Avatar Abilities and Buttons:
Within the script components of the avatar's abilities, energy requirements and lifetimes were defined. These are used to evaluate whether the player is able to activate the corresponding abilities based on whether they have sufficient energy. Once an ability is selected and activated, a coroutine will disable the button's functionality for the duration of the ability's lifetime, and re-enable it afterwards. So far, abilities work for deploying the avatar's shield and supporting drone. The accessibility of these buttons will later be bound to hotkeys, and made available through the future tech tree.
Restructuring Build Menu:
The construction options are now listed under sub-menus. So far, the construction options are separated into three categories. The buttons used to access the sub-menus use a script component, which activate their corresponding build panels, and deactivate an array of the rest of the build category panels.
What's Next:
Begin researching how to make a tech tree. Bind avatar abilities with number hotkeys. Allow availability of abilities through future tech tree. Create more game objects.

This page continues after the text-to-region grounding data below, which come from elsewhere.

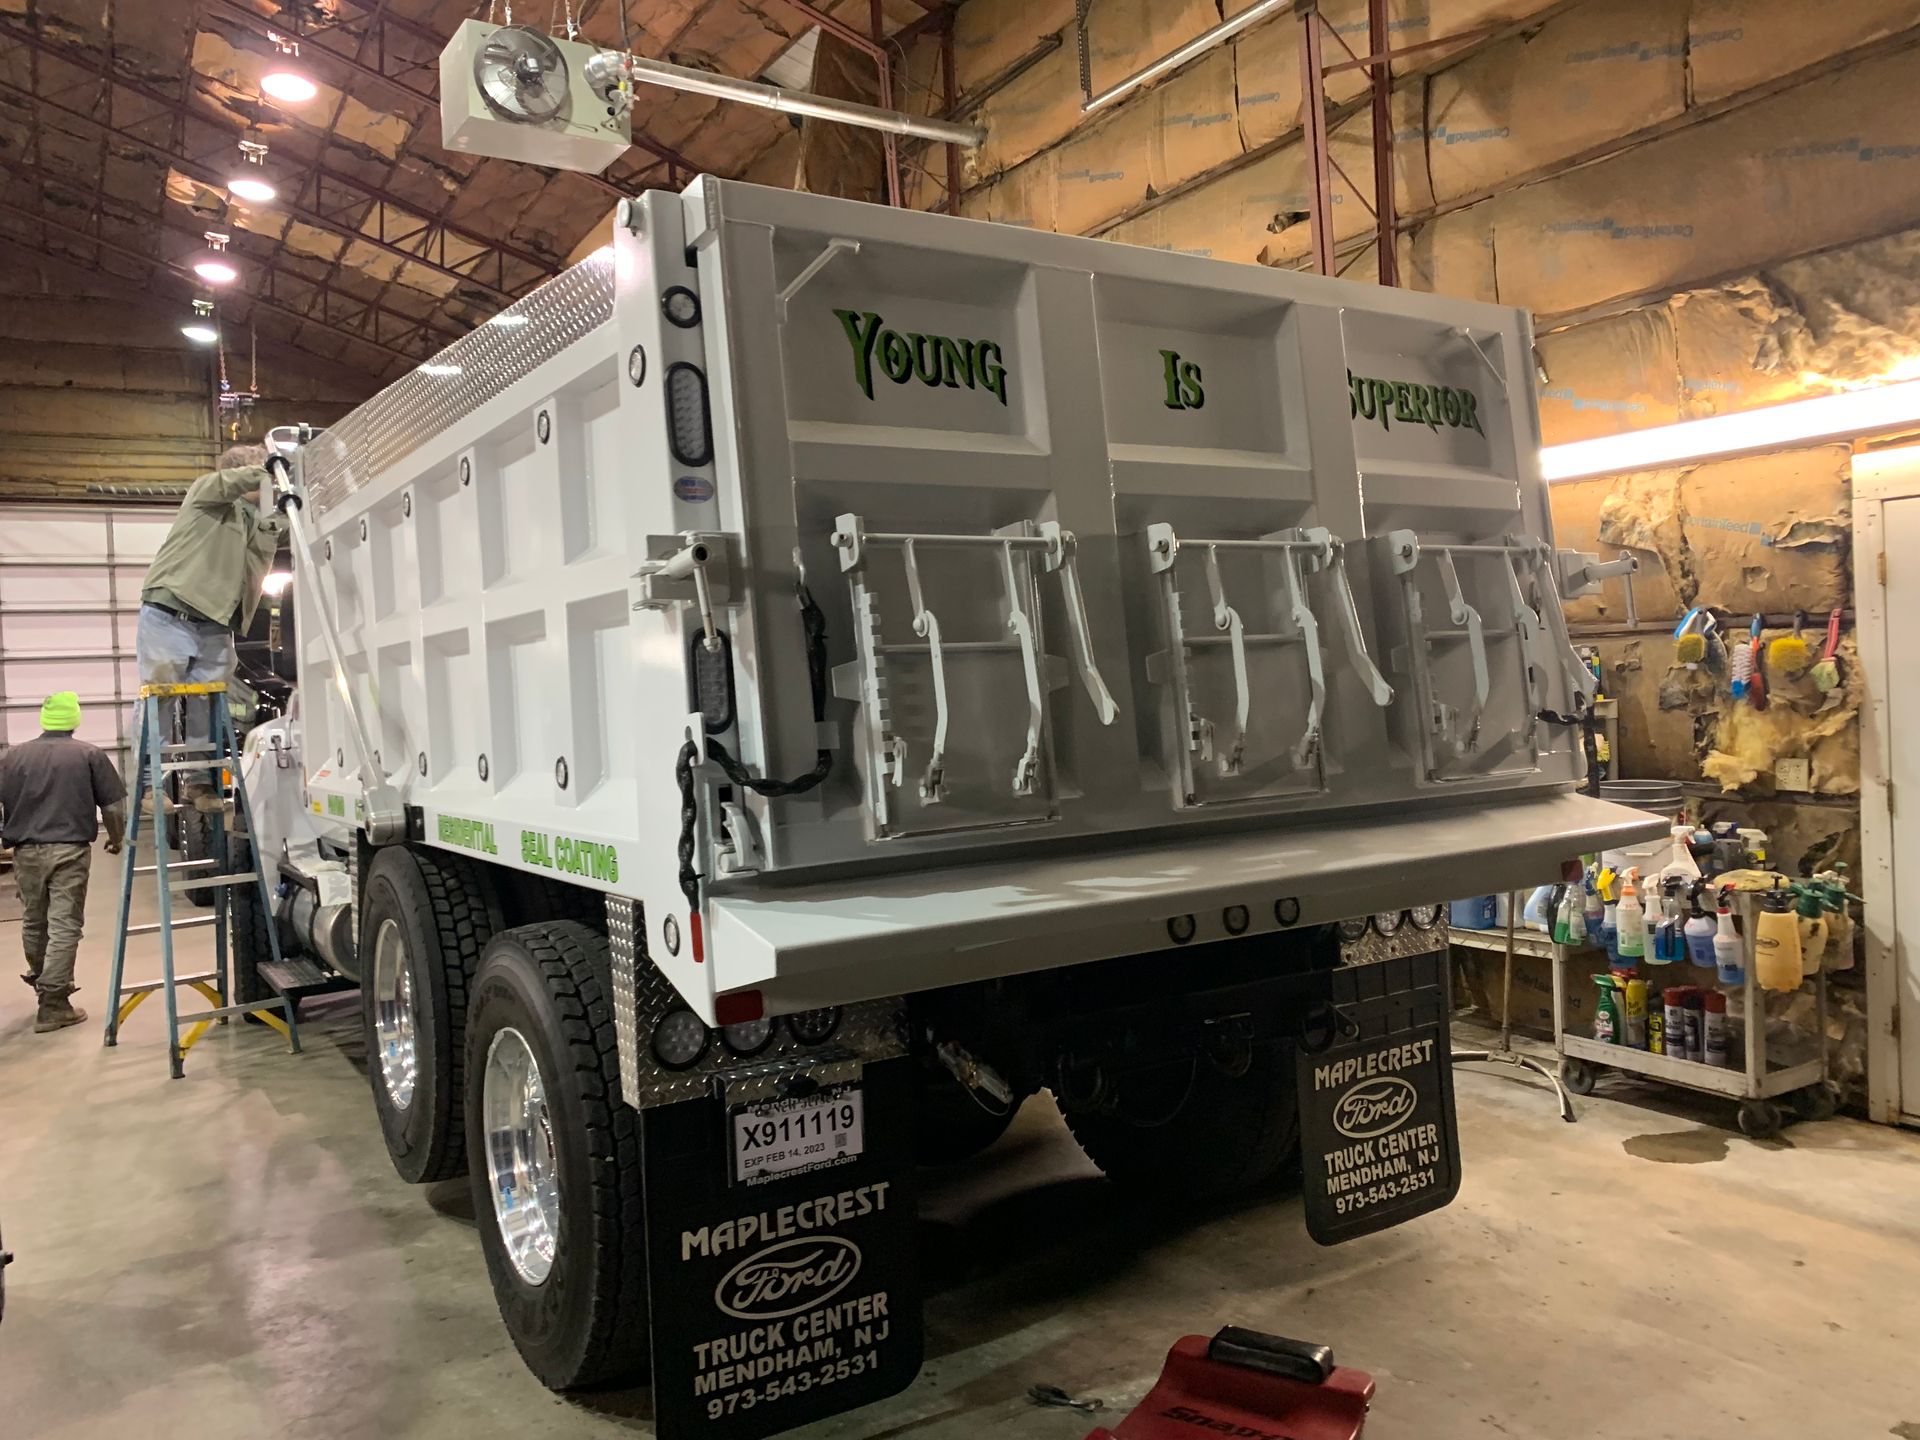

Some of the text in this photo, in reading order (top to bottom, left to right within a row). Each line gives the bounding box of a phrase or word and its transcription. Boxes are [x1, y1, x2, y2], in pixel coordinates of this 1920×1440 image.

[520, 830, 553, 868] SEAL
[554, 836, 620, 884] COATING
[1314, 1039, 1434, 1091] MAPLECREST
[742, 1104, 855, 1151] X911119
[1342, 1086, 1411, 1130] Ford
[744, 1156, 764, 1168] EXP
[766, 1151, 786, 1163] FEB
[804, 1143, 825, 1155] 2023
[746, 1155, 858, 1187] MaplecrestFord.com
[1324, 1123, 1438, 1175] TRUCK CENTER
[1326, 1156, 1412, 1195] MENDHAM,
[1335, 1168, 1435, 1215] 973-543-2531
[681, 1181, 890, 1261] MAPLECREST
[731, 1247, 851, 1310] Ford
[693, 1291, 889, 1371] TRUCK CENTER
[694, 1337, 842, 1397] MENDHAM,
[707, 1350, 878, 1420] 973-543-2531

Construction Adjustments and Object-Specific Building Production Menus
Building droids and tanks from specific buildings.
29/07/2022
Object-Specific Menus:
Droids (Sentry, Enforcer, and Guardian) are now built from a single port. This is facilitated by a construction menu which is allocated to each production building. This involved condensing and refactoring a wide range of script components, blueprints, and prefabs for the previously-existing droid port assets. The same procedure was done with the factory, which is now refactored as the Vehicle Bay. This allows the player to construct multiple types of droids from a single building. The same applies to vehicles, if more are added in the future. Each production building contains a UI build menu which contains a panel of button(s) which execute methods housed within the main building script component. These buttons evaluate sufficient credits, and instantiate the corresponding game object prefabs. A glowing marker was also added above the building which the player is currently using, to better identify production origin.
What's Next:
Continue with game balancing. Continue to develop the player interface. Begin researching how to make a tech tree. Link the TMPro info cards to the building prefabs to retrieve building data.
Droid port production script component for port building prefab.

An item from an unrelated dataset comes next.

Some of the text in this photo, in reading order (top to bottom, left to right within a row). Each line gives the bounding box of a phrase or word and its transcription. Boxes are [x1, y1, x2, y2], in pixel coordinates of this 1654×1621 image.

Raycasting, Research Centre, and More Resource Management
24/07/2022
Raycast Aiming:
If the player hovers their cursor over an enemy, the avatar's turrets will now follow the proper orientation in all axes. If the turrets are not looking towards an enemy, their rotations will be isolated to only around the Y axis.
Research Centre:
A research centre was modelled, and a particle effect was added. The usual blueprint, health and requirement scripts, and box colliders for the prefab and the blueprints were added, and the associated construction button was made functional in the build menu. The research centre produces knowledge points, which will be used to progress through the future tech tree.
Game Object Deaths:
Health was now reintroduced to the tank and droid objects (except for the repair droids). Since the existing colliders were attached with triggers to prevent them from overlapping, another collider was added so that enemy projectiles will be detected as they collide with the game objects. Tank and droid movements now check whether their kinematic properties are enabled before they move. The tank turrets also check whether the rigid bodies of their parent tank objects are kinematic, before deciding to act.

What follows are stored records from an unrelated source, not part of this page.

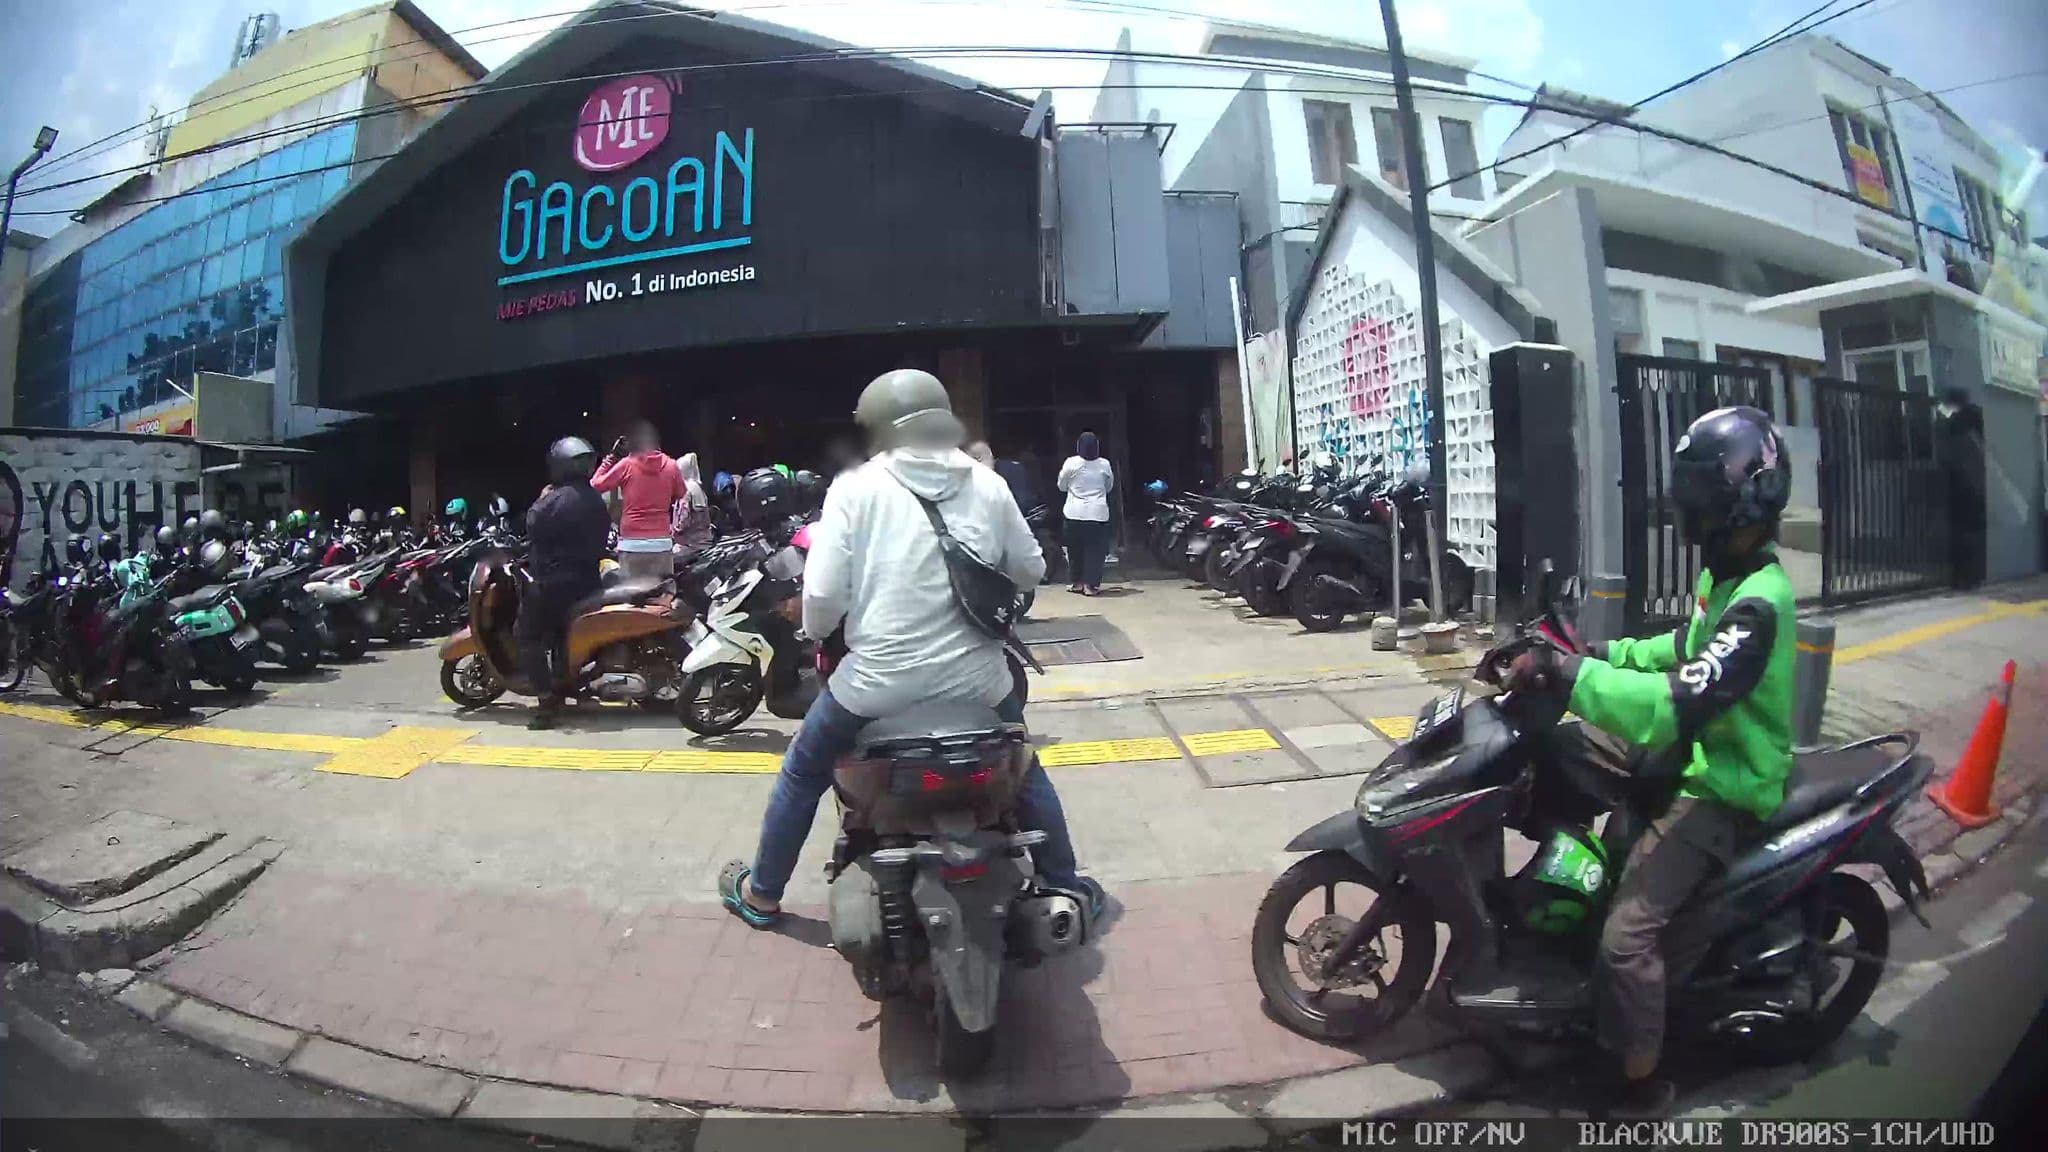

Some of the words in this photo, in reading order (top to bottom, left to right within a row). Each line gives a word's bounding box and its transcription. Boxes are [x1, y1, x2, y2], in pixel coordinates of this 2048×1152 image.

[499, 127, 754, 265] GACOAN
[497, 301, 525, 320] MIE
[528, 289, 576, 314] PEDAS
[585, 279, 623, 304] No.
[631, 272, 643, 296] 1
[649, 277, 665, 293] di
[669, 264, 756, 290] Indonesia
[32, 479, 121, 534] YOU

Destroyed Building Resources:
Resource management for each building wasa reallocated from their corresponding blueprint script components, to their prefab requirements script components. Resources were added/removed/reimbursed using 'Start()' and 'OnDestroy()' functions. Resource producers also had their output management reallocated from their blueprint scripts to their corresponding production output scripts.
What's Next:
Continue with resource management functionality for when buildings are destroyed and game balancing. Continue to develop the player interface. Begin researching how to make a tech tree. Start looking at construction menus for individual buildings e.g. tank factories and droid ports.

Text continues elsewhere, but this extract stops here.